Liquorice root contains triterpenoids, polyphenols, and polysaccharides. Flavonoids account for the yellow root colour. The principal glycoside, glycyrrhizin, exists in content of 7% to 10%, depending on cultivation practices. The isoflavene glabrene and the isoflavane glabridin, found in the roots of liquorice, are phytoestrogens.

The scent of liquorice root comes from a complex and variable combination of compounds, of which anethole is some 3% of total volatiles. Much of the sweetness in liquorice comes from glycyrrhizin, which has 30–50 times the sweetness of sugar. The sweetness is different from sugar, being less instant, tart, and lasting longer.
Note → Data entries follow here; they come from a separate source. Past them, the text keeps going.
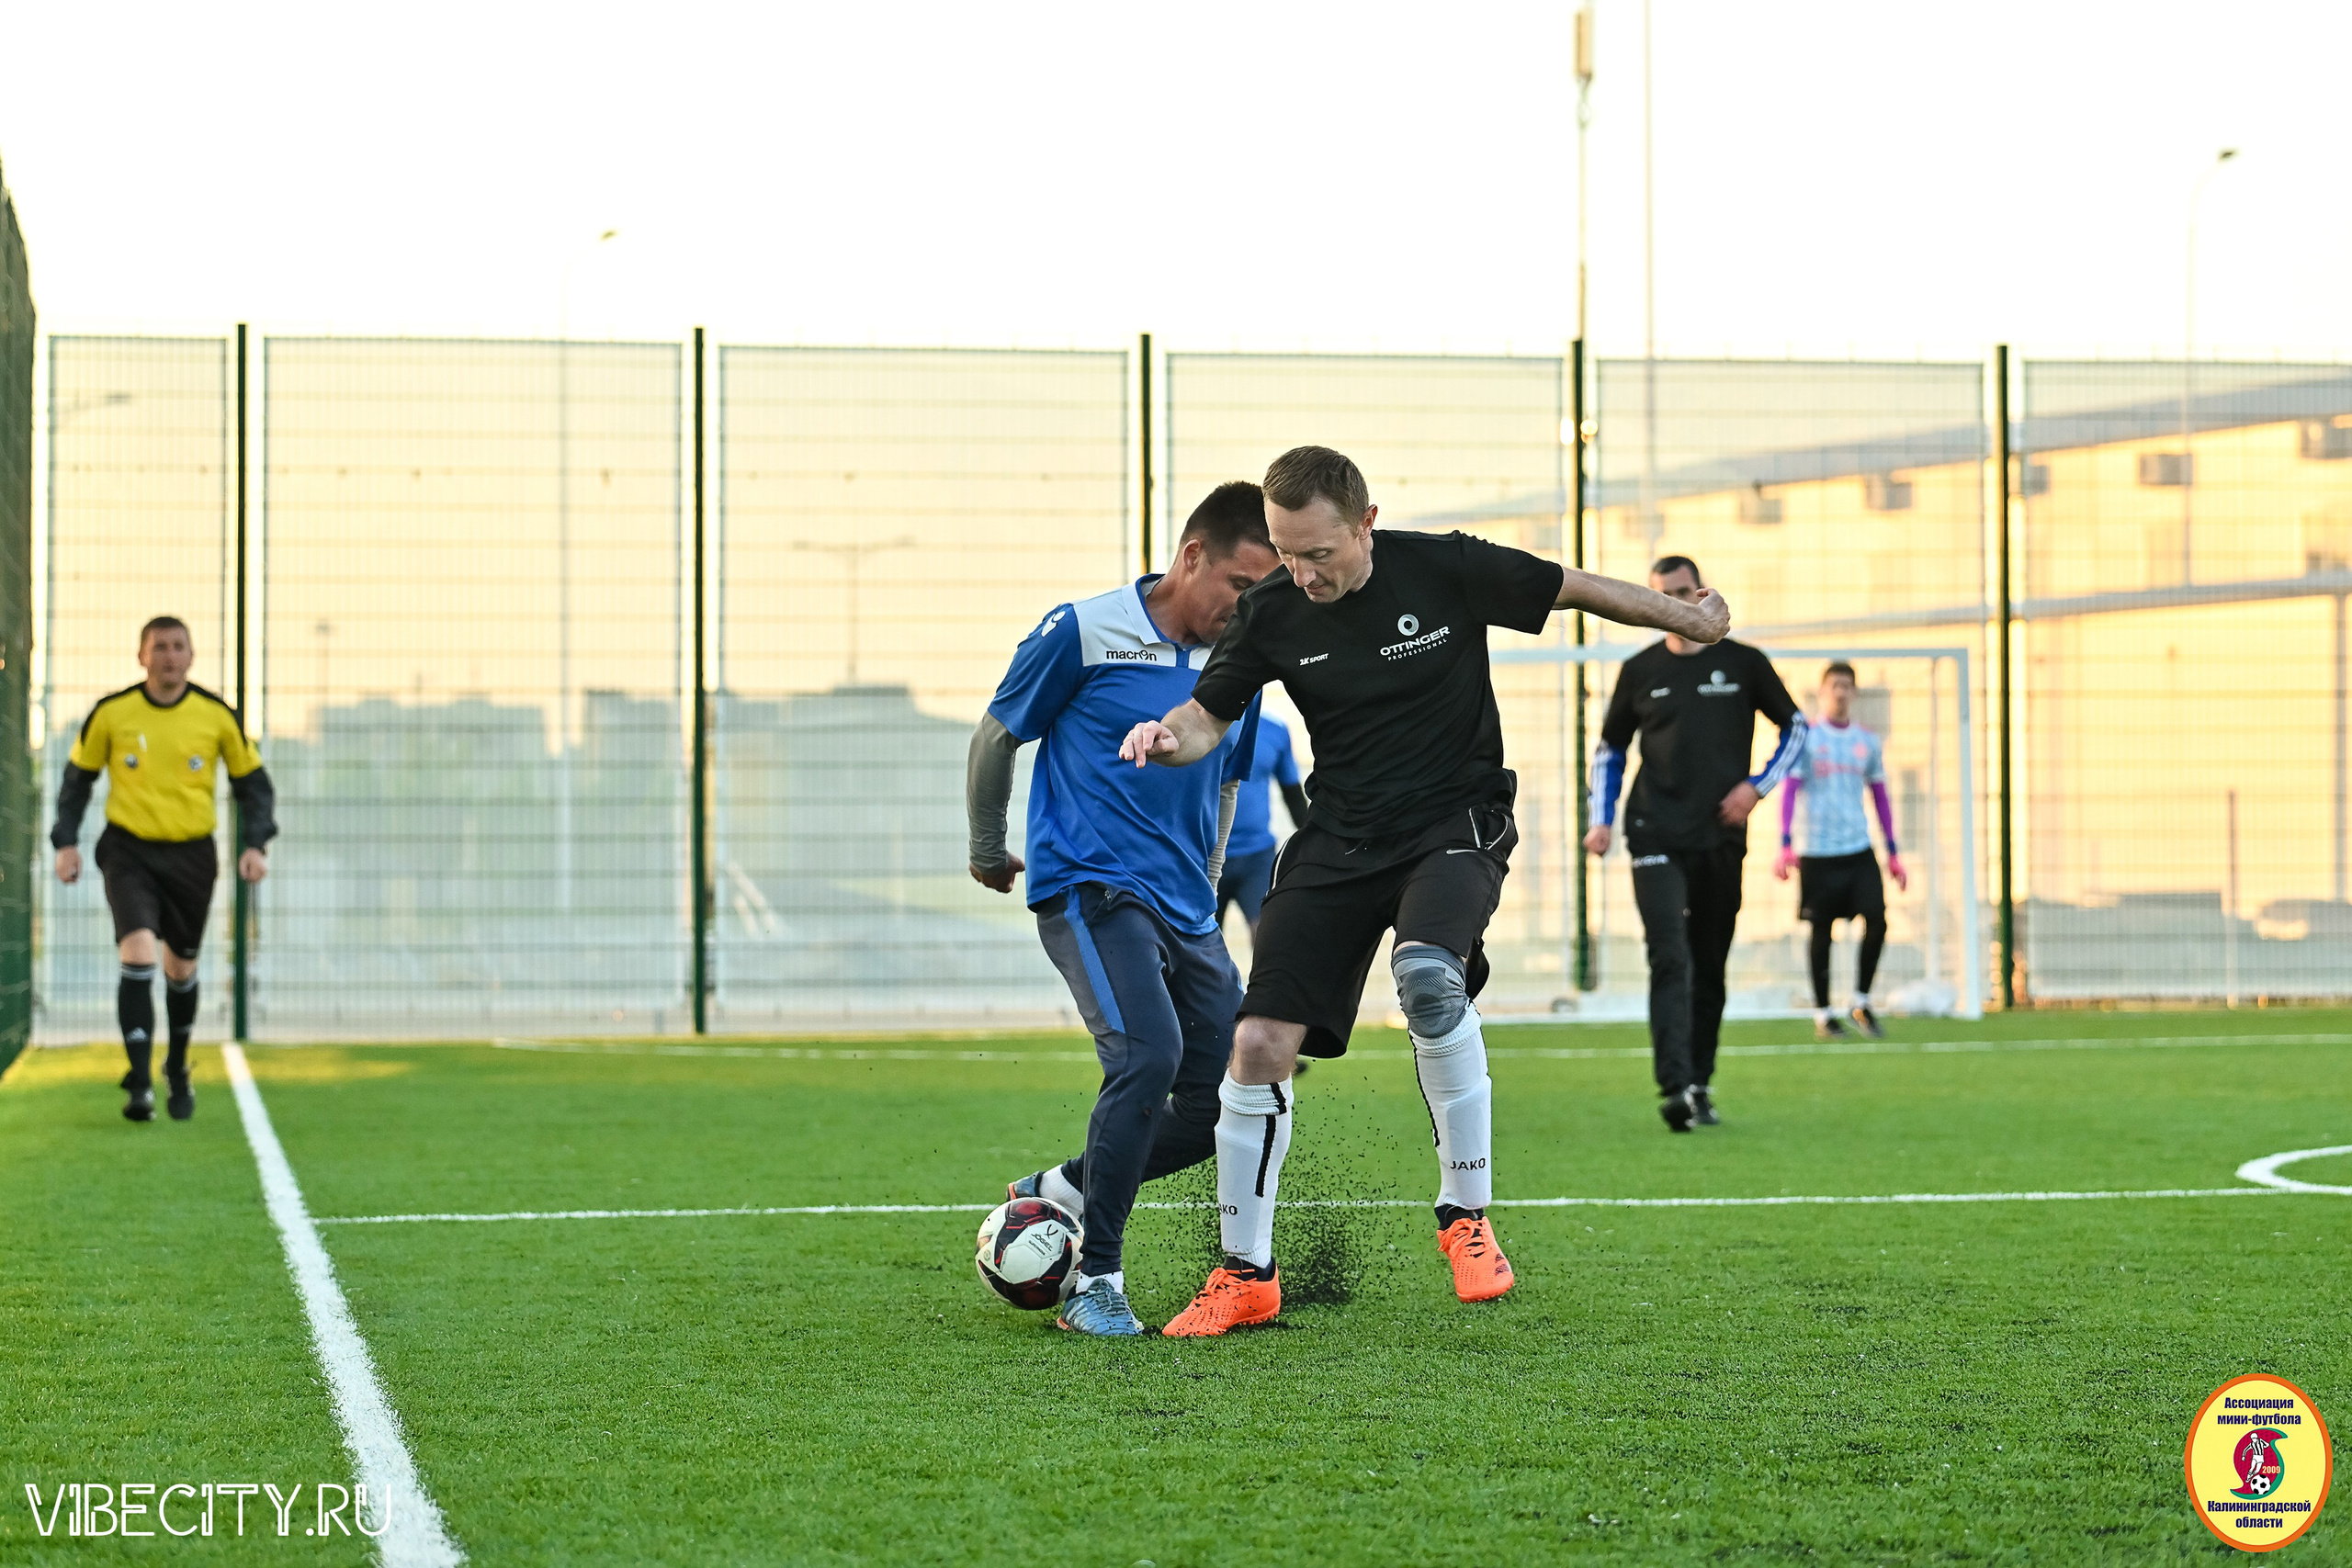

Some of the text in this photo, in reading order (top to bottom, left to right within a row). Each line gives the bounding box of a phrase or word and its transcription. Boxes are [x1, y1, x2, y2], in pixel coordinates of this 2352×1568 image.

[1380, 626, 1451, 656] OTTINGER
[1106, 649, 1157, 661] macron
[1387, 638, 1447, 660] PROFESSIONAL
[1309, 653, 1329, 663] SPORT
[1450, 1157, 1486, 1171] JAKO
== Cultivation and uses ==
Liquorice grows best in well-drained soils in deep valleys with full sun. It is harvested in the autumn two to three years after planting. Countries producing liquorice include Turkey, Greece, Iran, and Iraq.

===Tobacco===
Liquorice is used as a flavouring agent for tobacco, for flavour-enhancing and moistening agents in the manufacture of American blend cigarettes, moist snuff, chewing tobacco, and pipe tobacco. Liquorice provides tobacco products with a natural sweetness and a distinctive flavour that blends readily with the natural and imitation flavouring components employed in the tobacco industry. Liquorice can also be added to cigarette rolling papers. As of 2009, the US Food and Drug Administration banned the use of any "characterizing flavors" other than menthol from cigarettes, but not other manufactured tobacco products.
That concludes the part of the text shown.